Some years earlier, the whole Toyota vs. Honda thing started when both car companies started sending their tiny vehicles to America. These ‘foreign jobs’ weren’t very popular, but both companies refused to give up. By the early 80’s, buyers actually started to consider these fuel efficient cars from Japan because they were well made, reliable, and cheap.
What made Toyota & Honda so good was their use of the Kaizen principle. Originally devised by the U.S. War Department, and taught to the Japanese through the Training Within Industry program. The concept was to empower each worker by teaching them to take ownership of their jobs, and figure out more efficient ways of doing said job. Managers are taught to listen to their workers, and then implement the best ideas. Together, managers and workers help Toyota and Honda to operate as efficiently as possible.
The Japanese vastly improved upon that original idea, taught to them during post-war reconstruction. As simple as it sounds, the Kaizen/TWI system is not used in the United States. This is probably why it’s taken 30-odd years for the American auto industry to catch up with their Asian rivals.

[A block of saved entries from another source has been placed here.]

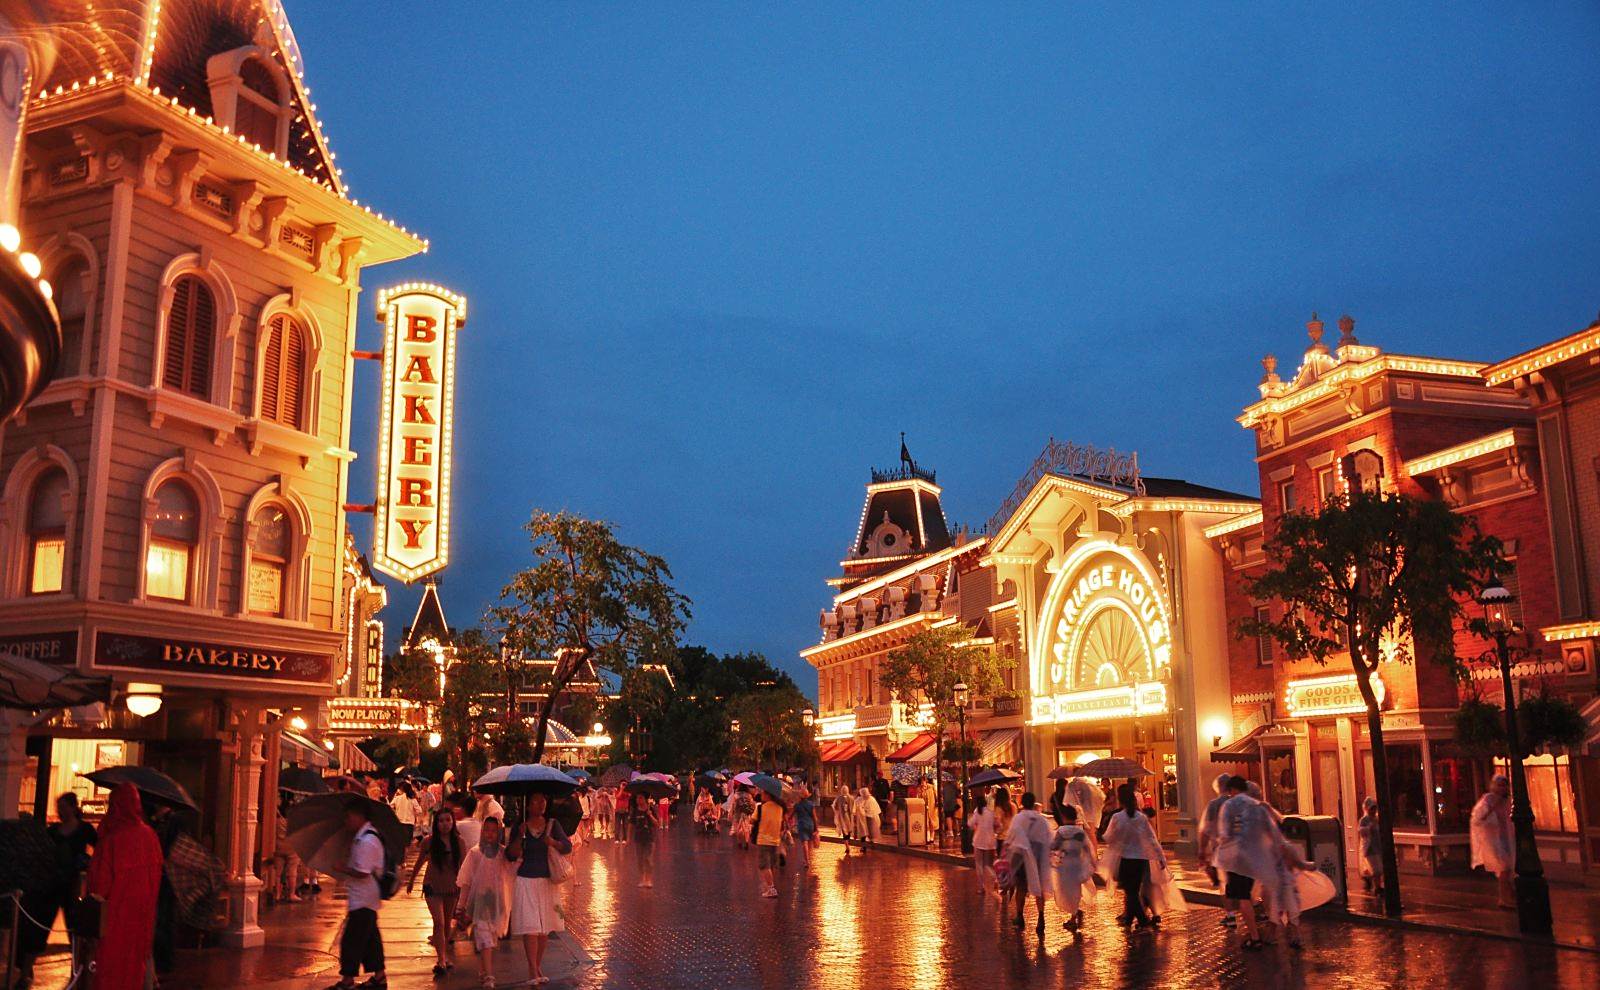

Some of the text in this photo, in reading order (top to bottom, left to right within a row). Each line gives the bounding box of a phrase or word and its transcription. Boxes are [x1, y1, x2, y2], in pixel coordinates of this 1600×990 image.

[396, 314, 438, 549] BAKERY
[1051, 565, 1171, 684] CARRIAGE HOUSE
[162, 643, 286, 671] BAKERY
[1298, 694, 1363, 708] FINE GIFT
[1305, 685, 1350, 697] GOODS
[331, 708, 396, 720] NOW PLAYI
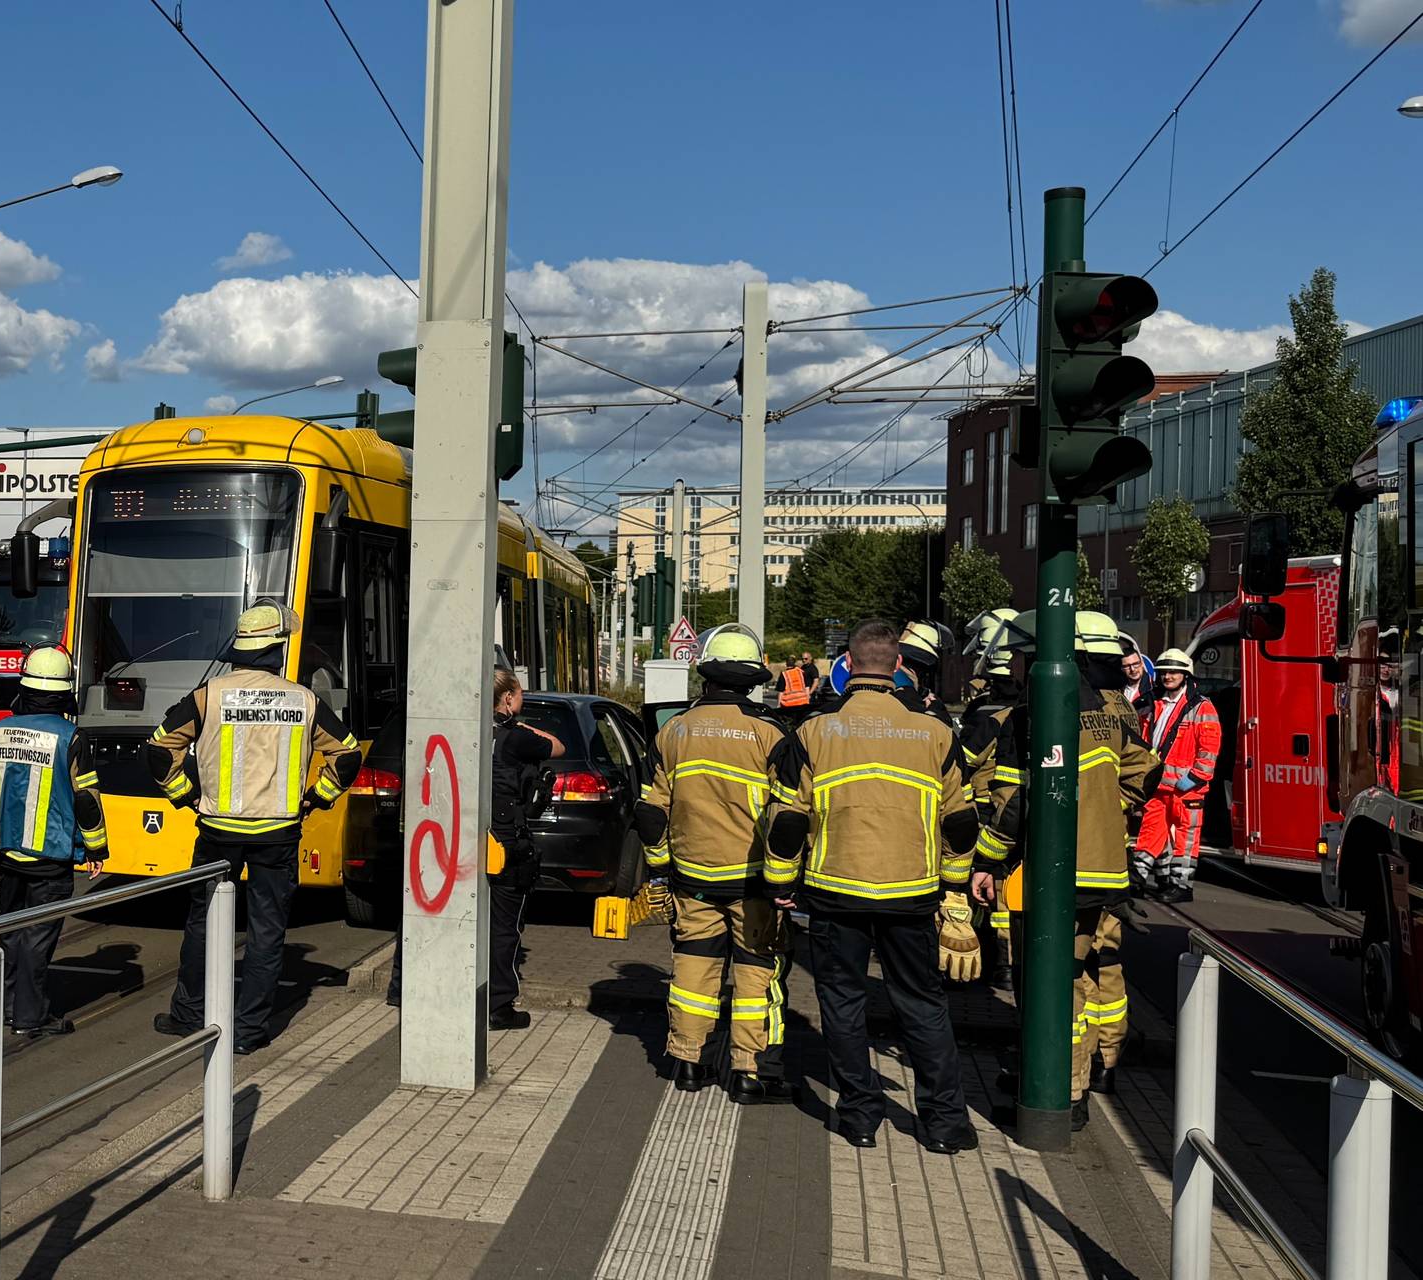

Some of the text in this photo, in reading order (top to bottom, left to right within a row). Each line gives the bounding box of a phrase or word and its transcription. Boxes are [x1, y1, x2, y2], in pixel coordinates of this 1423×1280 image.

Thanks to inept American cars, the whole Toyota vs. Honda thing went from the car club, and street race scene, to downtown Suburbia. Now office managers and school teachers argue the merits of Toyota vs. Honda, as they compare their American Made Japanese cars.
Both Honda & Toyota have design studios and manufacturing plants in the U.S. This allows them to create vehicles specifically tailored to American tastes. The Toyota Tundra and Honda Accord are examples of this ‘Americanization’, and they’re both extremely popular as a result. In fact, both companies have cars in the Top 5 best selling cars. The 2012 Toyota Camry has already sold 310,000 units, putting it in 2nd place behind the almighty 2012 Ford F-150. The 2012 Honda Accord placed 4th, with YTD sales of 218k. But the redesigned 2013 Honda Accord should easily eclipse that number when it goes on sale later this year.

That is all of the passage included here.